Recent studies of mitochondrial DNA (mtDNA) variation among marine turtle populations are consistent with the hypothesis that females return to beaches in their natal region to nest as adults. In contrast, less is known about breeding migrations of male marine turtles and whether they too are philopatric to natal regions. Studies of geographic structuring of restriction fragment and microsatellite polymorphisms at anonymous nuclear loci in green turtle (Chelonia mydas) populations indicate that nuclear gene flow is higher than estimates from mtDNA analyses. Regional populations from the northern and southern Great Barrier Reef were distinct for mtDNA but indistinguishable at nuclear loci, whereas the Gulf of Carpentaria (northern Australia) population was distinct for both types of marker. To assess whether this result was due to reduced philopatry of males across the Great Barrier Reef, we determined the mtDNA haplotypes of breeding males at courtship areas for comparison with breeding females from the same three locations. We used a PCR-restriction fragment length polymorphism approach to determine control region haplotypes and designed mismatch primers for the identification of specific haplotypes. The mtDNA haplotype frequencies were not significantly different between males and females at any of the three areas and estimates of Fst among the regions were similar for males and females (Fst = 0.78 and 0.73, respectively). We conclude that breeding males, like females, are philopatric to courtship areas within their natal region.

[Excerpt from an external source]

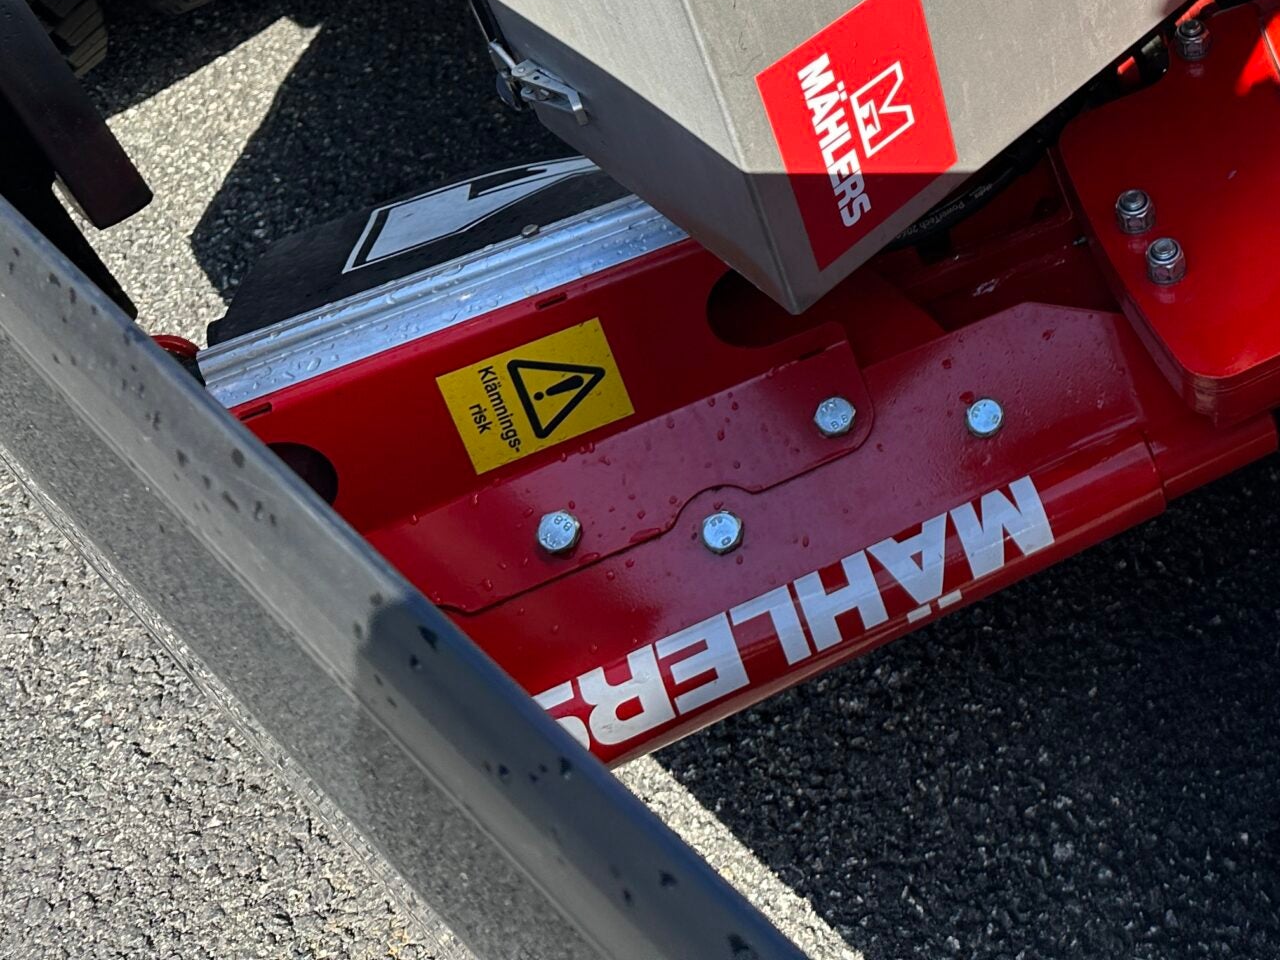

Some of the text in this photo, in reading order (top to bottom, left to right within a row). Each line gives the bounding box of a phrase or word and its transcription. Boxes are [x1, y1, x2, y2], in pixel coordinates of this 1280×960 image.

[797, 52, 872, 228] MÄHLERS
[468, 403, 492, 435] risk
[477, 365, 522, 452] Klämnings-
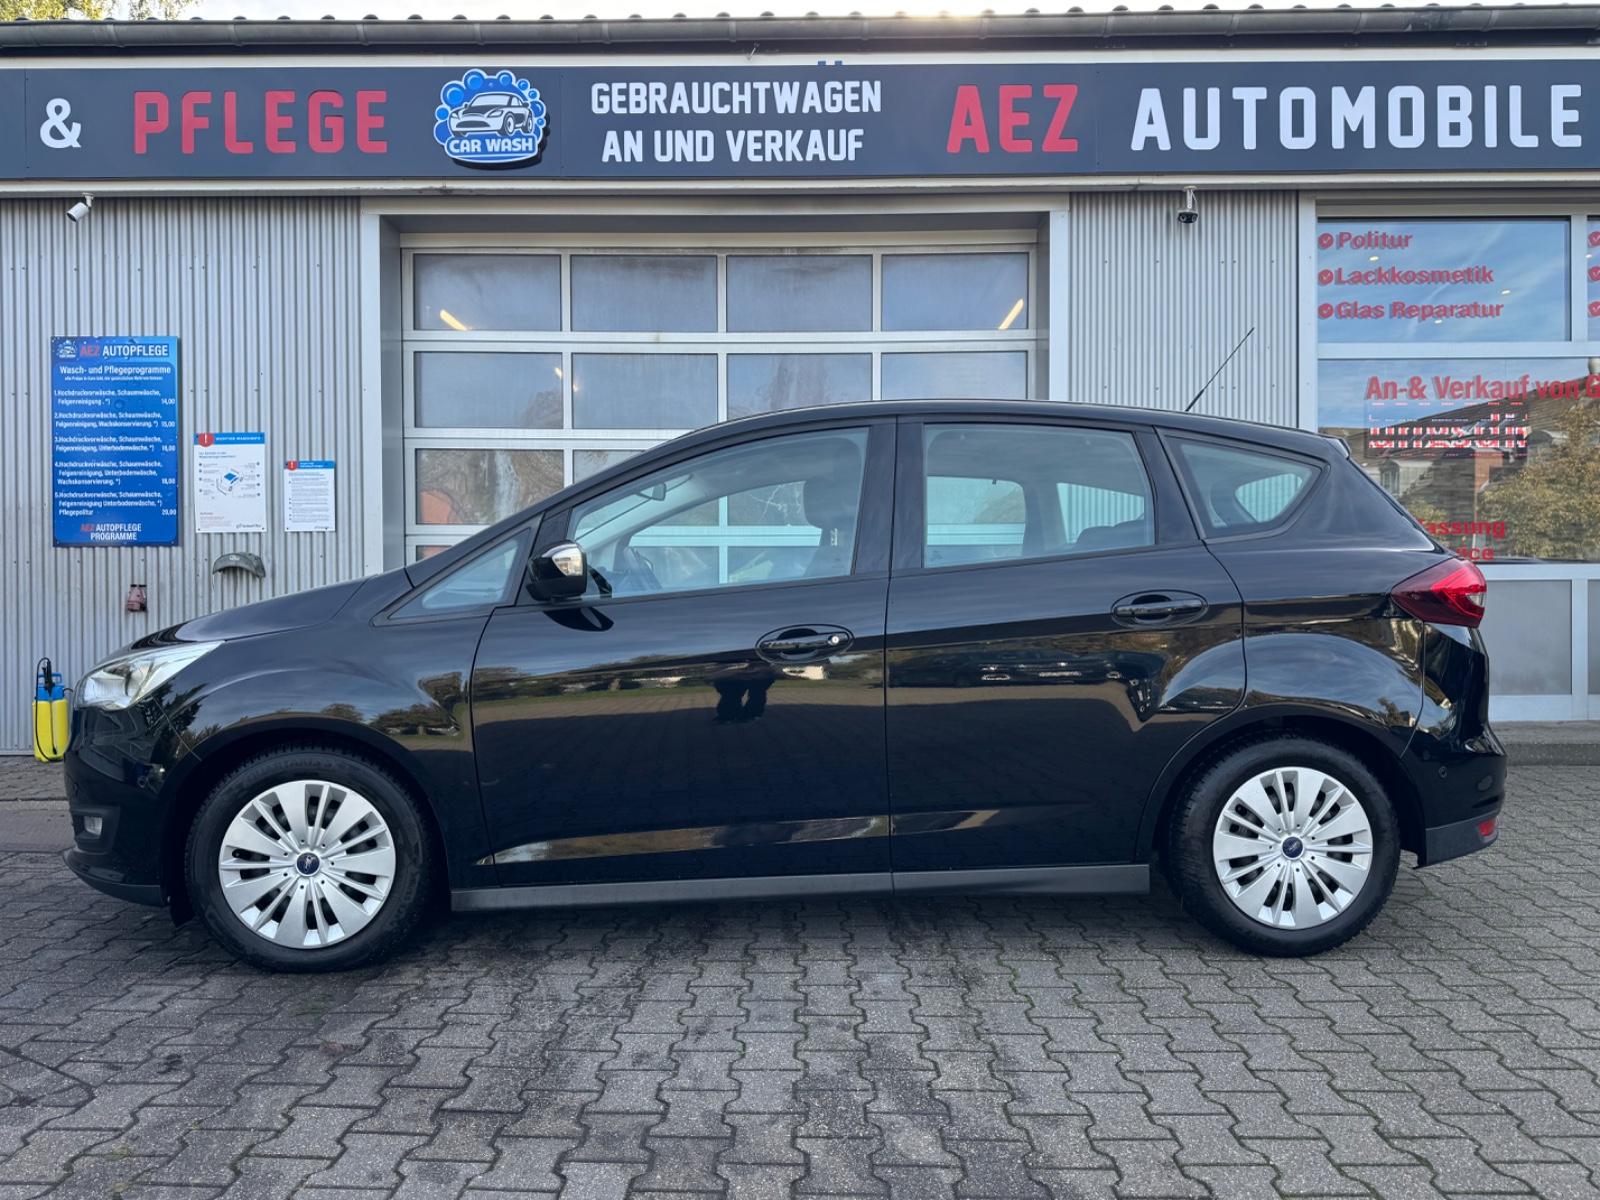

Nuclear gene flow between populations is most likely occurring through matings during migrations of both males and females through nonnatal courtship areas.

Figure 1

Sample locations of C. mydas populations in Australian waters. GoC, Bountiful Island, Gulf of Carpentaria; nGBR, Raine Island, northern Great Barrier Reef; sGBR, Heron Island, southern Great Barrier Reef. The feeding ground distributions of the nGBR and sGBR populations are depicted. The extent of feeding ground locations for the GoC is unknown.

Figure 2

Location and design of mismatch primers to generate diagnostic restriction sites in the mtDNA control region of C. mydas mtDNA. The TCR-5 or TCR-6 primers (26) were typically paired with the appropriate mismatch primer, though TCR-Ase and TCR-Hph were also used together. Shown are the template DNA sequence, the portion of the primer sequence containing the mismatch primer, and the sequences generated through PCR amplifications that indicate the presence (or absence) of the new restriction site.